WORK TO COMPLETE ▸ Reproduce each entry exactly, so that everything except the pictures is carried over.

TASK INPUTS ▸
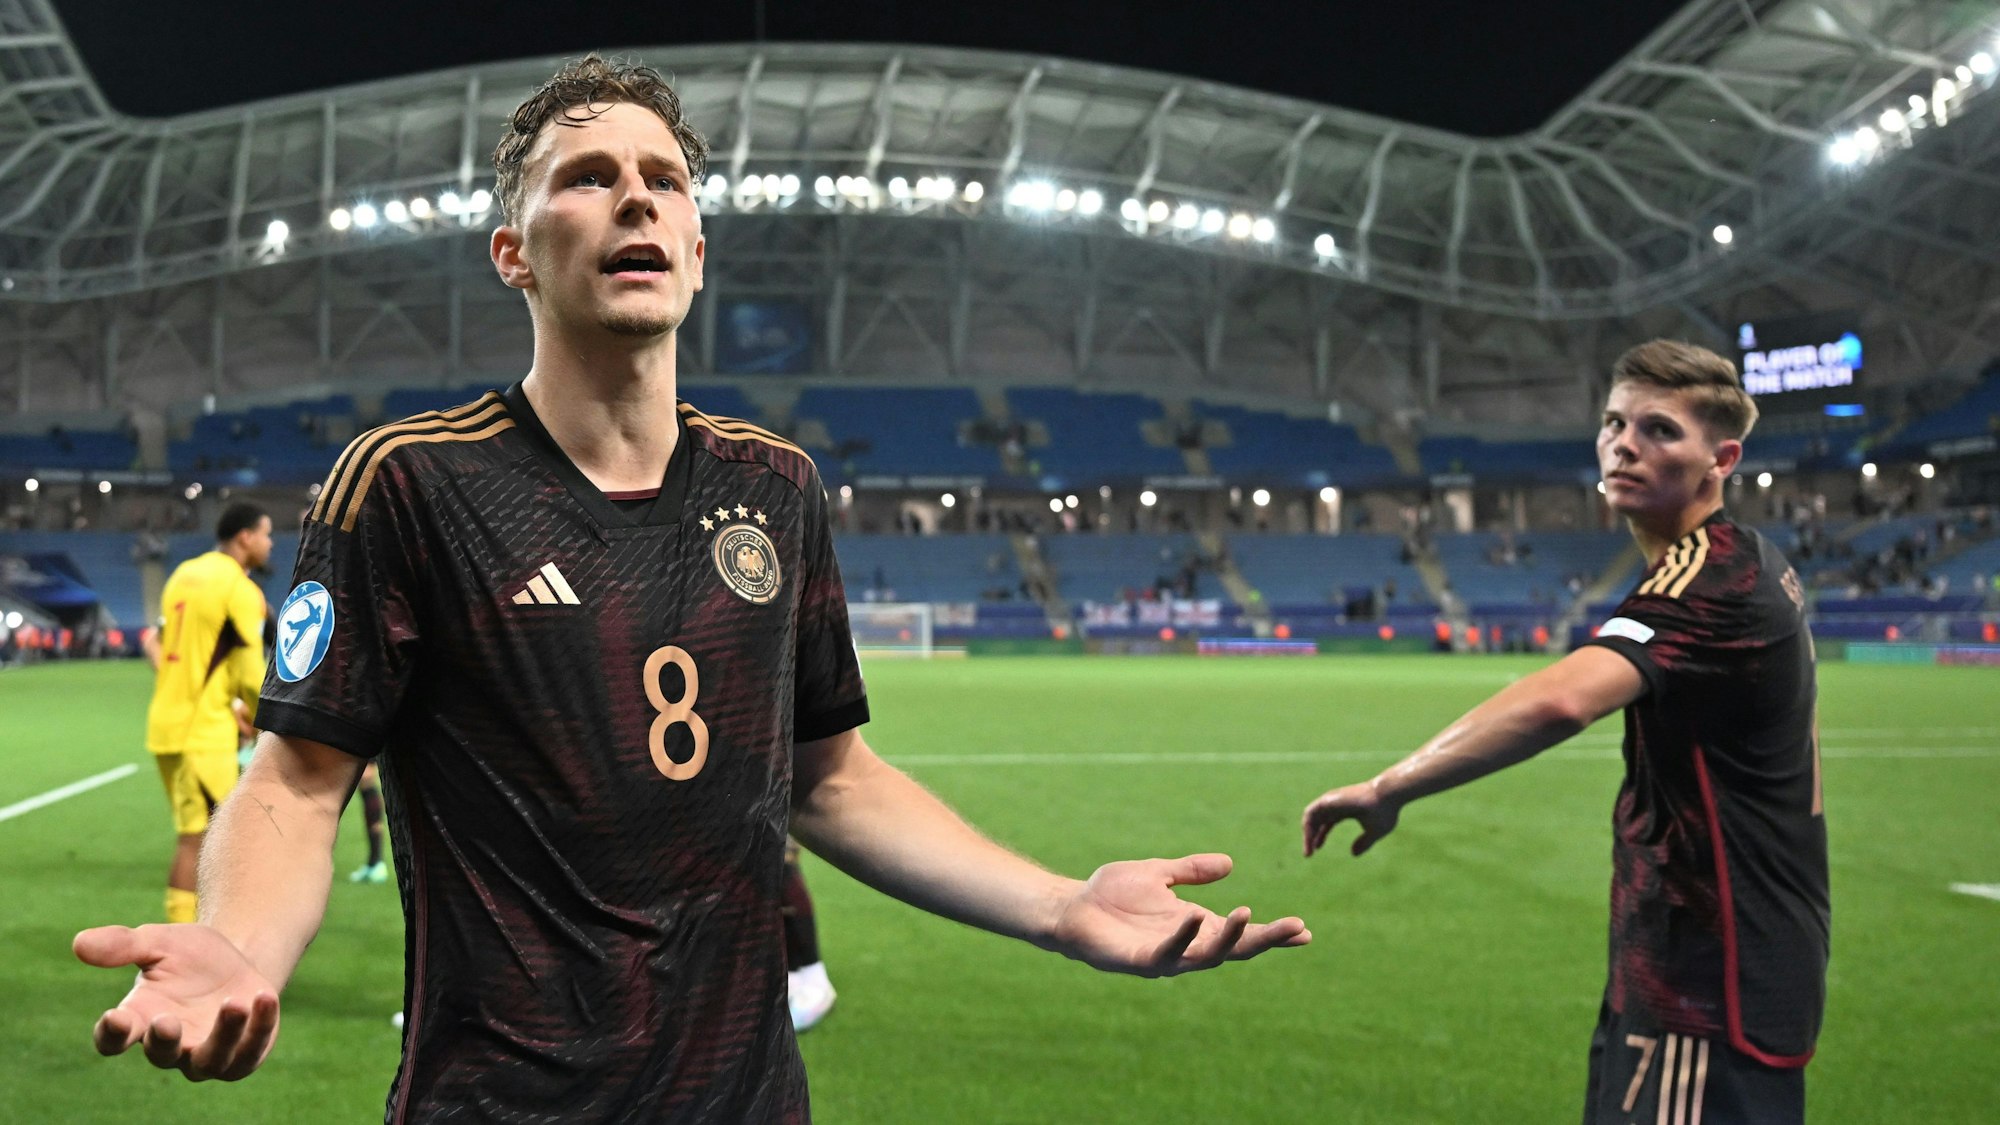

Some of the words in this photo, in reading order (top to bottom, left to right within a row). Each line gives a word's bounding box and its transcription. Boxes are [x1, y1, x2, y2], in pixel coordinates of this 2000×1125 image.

[1744, 345, 1817, 373] PLAYER
[1743, 372, 1782, 395] THE
[1782, 366, 1853, 391] MATCH
[726, 534, 763, 551] DEUTSCHER
[642, 645, 710, 781] 8
[1622, 1033, 1658, 1112] 7

EXERCISE RESULT ▸
Some of the words in this photo, in reading order (top to bottom, left to right within a row). Each line gives a word's bounding box and its transcription. Boxes are [x1, y1, x2, y2], in pixel coordinates of this 2000×1125 image.

[1744, 345, 1817, 373] PLAYER
[1743, 372, 1782, 395] THE
[1782, 366, 1853, 391] MATCH
[726, 534, 763, 551] DEUTSCHER
[642, 645, 710, 781] 8
[1622, 1033, 1658, 1112] 7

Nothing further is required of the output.